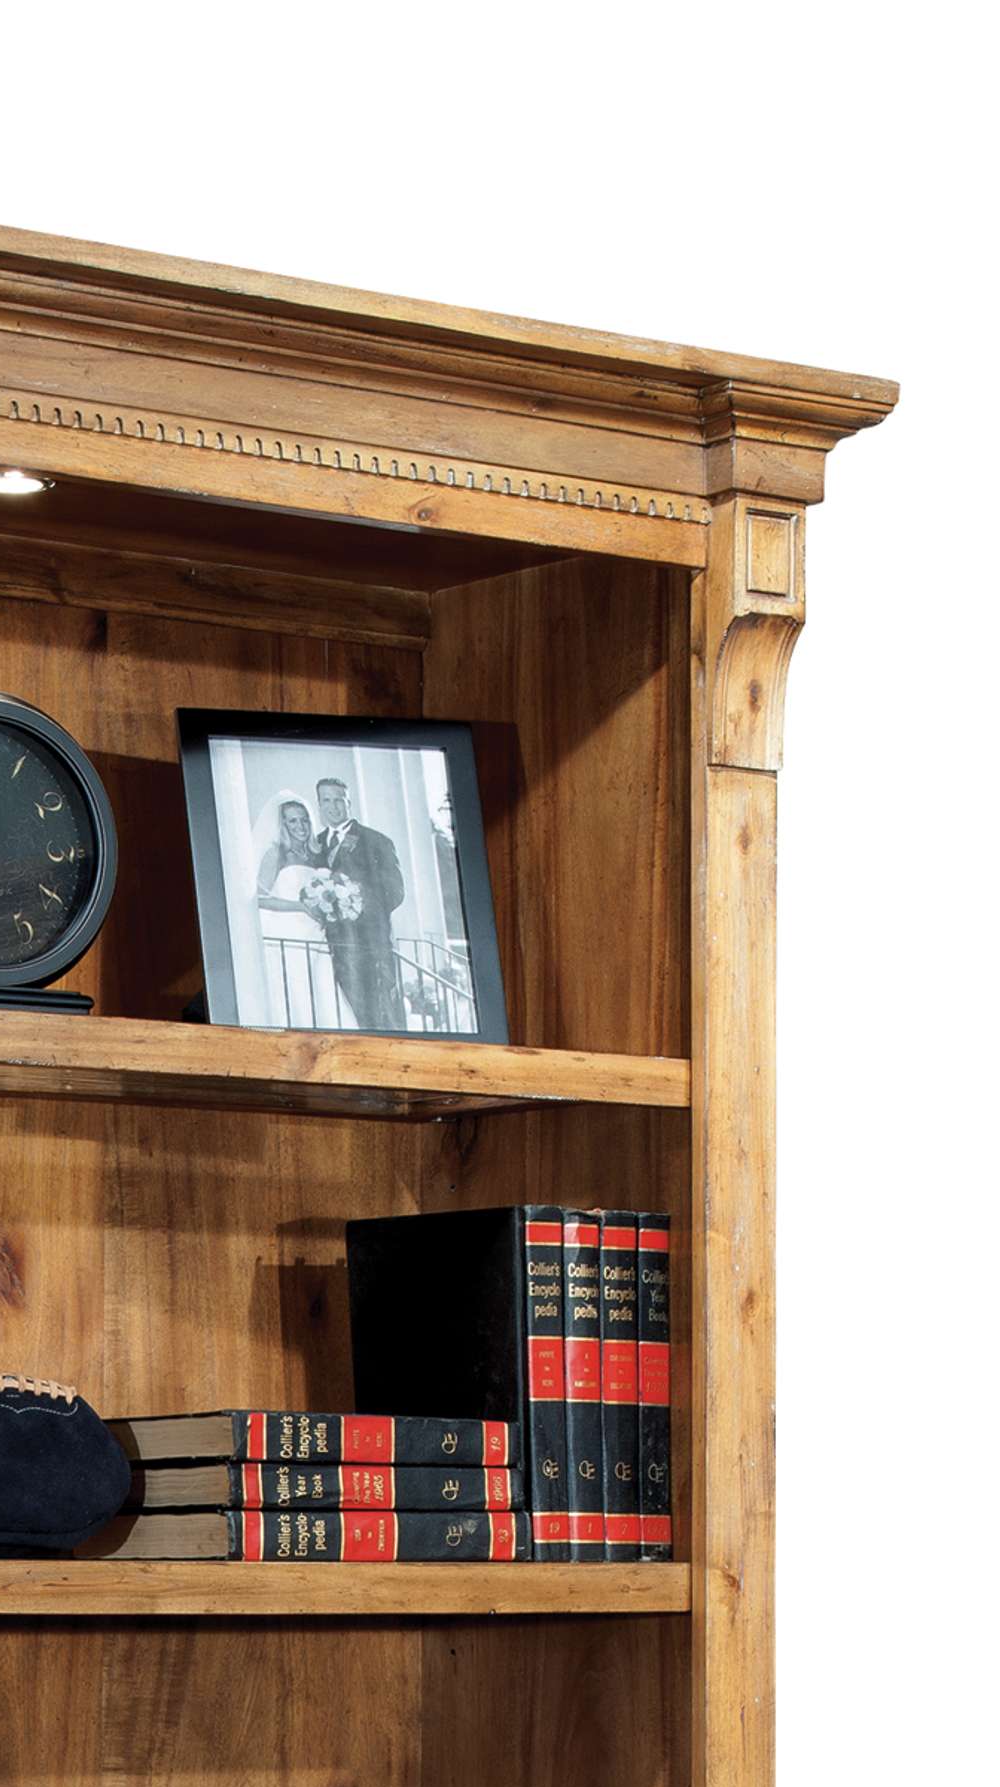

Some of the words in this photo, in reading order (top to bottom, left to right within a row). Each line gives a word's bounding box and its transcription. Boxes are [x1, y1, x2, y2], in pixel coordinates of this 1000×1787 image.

[11, 756, 26, 778] 1
[34, 791, 63, 820] 2
[47, 840, 74, 863] 3
[39, 884, 63, 909] 4
[13, 912, 34, 945] 5
[528, 1262, 561, 1277] Collier's
[535, 1302, 558, 1318] pedia
[609, 1307, 633, 1322] pedia
[280, 1415, 293, 1459] Collier's
[314, 1422, 328, 1453] pedia
[277, 1466, 290, 1506] Collier's
[295, 1474, 307, 1497] Year
[312, 1473, 323, 1499] Book
[277, 1514, 291, 1557] Collier's
[312, 1519, 327, 1551] pedia
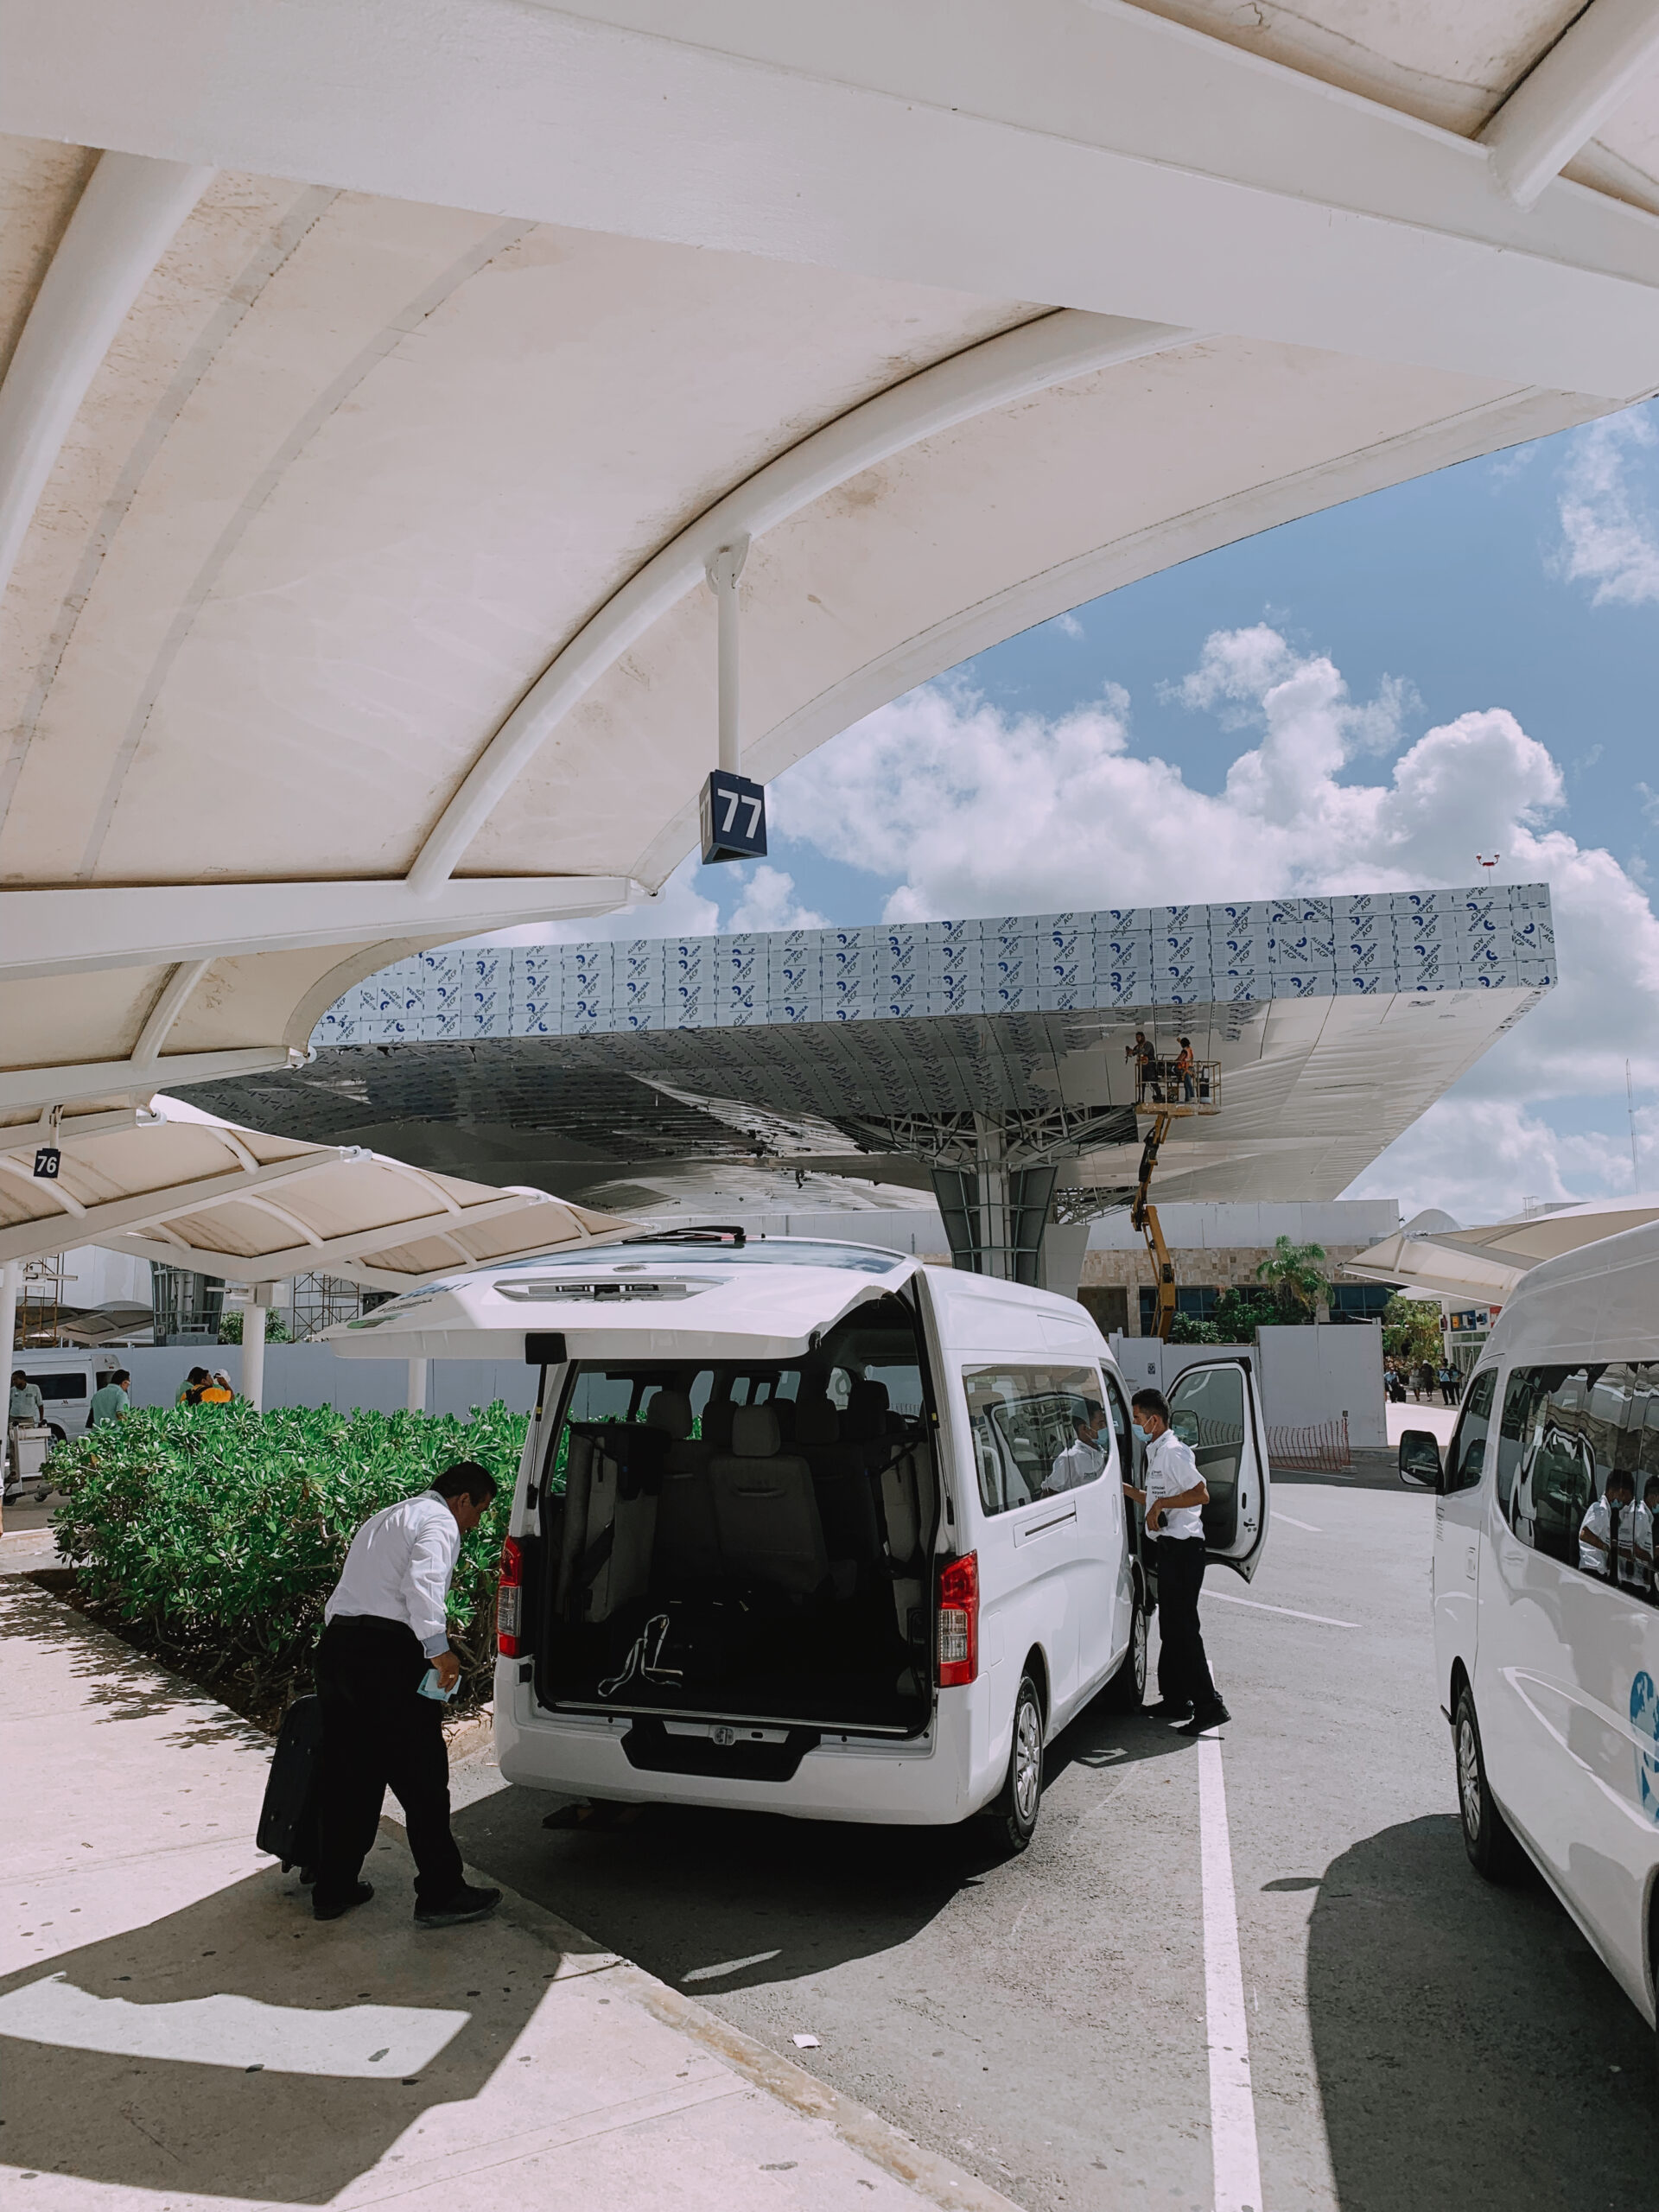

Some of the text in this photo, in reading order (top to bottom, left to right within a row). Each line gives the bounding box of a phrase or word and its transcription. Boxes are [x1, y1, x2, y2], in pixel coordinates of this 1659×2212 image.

[717, 788, 762, 839] 77
[1361, 898, 1371, 912] ACP
[1008, 917, 1018, 931] ACP
[1178, 913, 1189, 927] ACP
[953, 930, 963, 942] ACP
[1362, 925, 1373, 938] ACP
[1426, 925, 1437, 938] ACP
[1008, 943, 1019, 956] ACP
[1472, 938, 1484, 951] ACP
[793, 950, 804, 963] ACP
[1065, 946, 1075, 960] ACP
[1122, 952, 1132, 965] ACP
[1179, 947, 1191, 960] ACP
[1239, 950, 1250, 963] ACP
[1282, 949, 1297, 960] ACP
[1314, 948, 1329, 958] ACP
[901, 956, 912, 969] ACP
[954, 957, 964, 969] ACP
[1364, 953, 1375, 967] ACP
[637, 964, 646, 976] ACP
[742, 967, 752, 980] ACP
[847, 962, 857, 975] ACP
[1428, 965, 1440, 979] ACP
[689, 969, 698, 982] ACP
[1009, 971, 1020, 984] ACP
[537, 985, 546, 997] ACP
[588, 983, 597, 995] ACP
[793, 978, 804, 991] ACP
[447, 996, 456, 1008] ACP
[637, 991, 646, 1004] ACP
[847, 990, 857, 1004] ACP
[1122, 991, 1134, 1005] ACP
[484, 1001, 493, 1014] ACP
[955, 999, 965, 1012] ACP
[1010, 999, 1020, 1012] ACP
[446, 1021, 456, 1033] ACP
[484, 1023, 493, 1035] ACP
[37, 1155, 57, 1173] 76

-=-=-=-=-

■ **Work to complete**: Output the material above exactly as written and drop any images it holds.

■ **Response area**:
Some of the words in this photo, in reading order (top to bottom, left to right within a row). Each line gives a word's bounding box and its transcription. Boxes are [x1, y1, x2, y2], in pixel coordinates of this 1000×1787 image.

[11, 756, 26, 778] 1
[34, 791, 63, 820] 2
[47, 840, 74, 863] 3
[39, 884, 63, 909] 4
[13, 912, 34, 945] 5
[528, 1262, 561, 1277] Collier's
[535, 1302, 558, 1318] pedia
[609, 1307, 633, 1322] pedia
[280, 1415, 293, 1459] Collier's
[314, 1422, 328, 1453] pedia
[277, 1466, 290, 1506] Collier's
[295, 1474, 307, 1497] Year
[312, 1473, 323, 1499] Book
[277, 1514, 291, 1557] Collier's
[312, 1519, 327, 1551] pedia

Some of the text in this photo, in reading order (top to bottom, left to right within a row). Each line gives the bounding box of a phrase or word and its transcription. Boxes are [x1, y1, x2, y2], in pixel coordinates of this 1659×2212 image.

[717, 788, 762, 839] 77
[1361, 898, 1371, 912] ACP
[1008, 917, 1018, 931] ACP
[1178, 913, 1189, 927] ACP
[953, 930, 963, 942] ACP
[1362, 925, 1373, 938] ACP
[1426, 925, 1437, 938] ACP
[1008, 943, 1019, 956] ACP
[1472, 938, 1484, 951] ACP
[793, 950, 804, 963] ACP
[1065, 946, 1075, 960] ACP
[1122, 952, 1132, 965] ACP
[1179, 947, 1191, 960] ACP
[1239, 950, 1250, 963] ACP
[1282, 949, 1297, 960] ACP
[1314, 948, 1329, 958] ACP
[901, 956, 912, 969] ACP
[954, 957, 964, 969] ACP
[1364, 953, 1375, 967] ACP
[637, 964, 646, 976] ACP
[742, 967, 752, 980] ACP
[847, 962, 857, 975] ACP
[1428, 965, 1440, 979] ACP
[689, 969, 698, 982] ACP
[1009, 971, 1020, 984] ACP
[537, 985, 546, 997] ACP
[588, 983, 597, 995] ACP
[793, 978, 804, 991] ACP
[447, 996, 456, 1008] ACP
[637, 991, 646, 1004] ACP
[847, 990, 857, 1004] ACP
[1122, 991, 1134, 1005] ACP
[484, 1001, 493, 1014] ACP
[955, 999, 965, 1012] ACP
[1010, 999, 1020, 1012] ACP
[446, 1021, 456, 1033] ACP
[484, 1023, 493, 1035] ACP
[37, 1155, 57, 1173] 76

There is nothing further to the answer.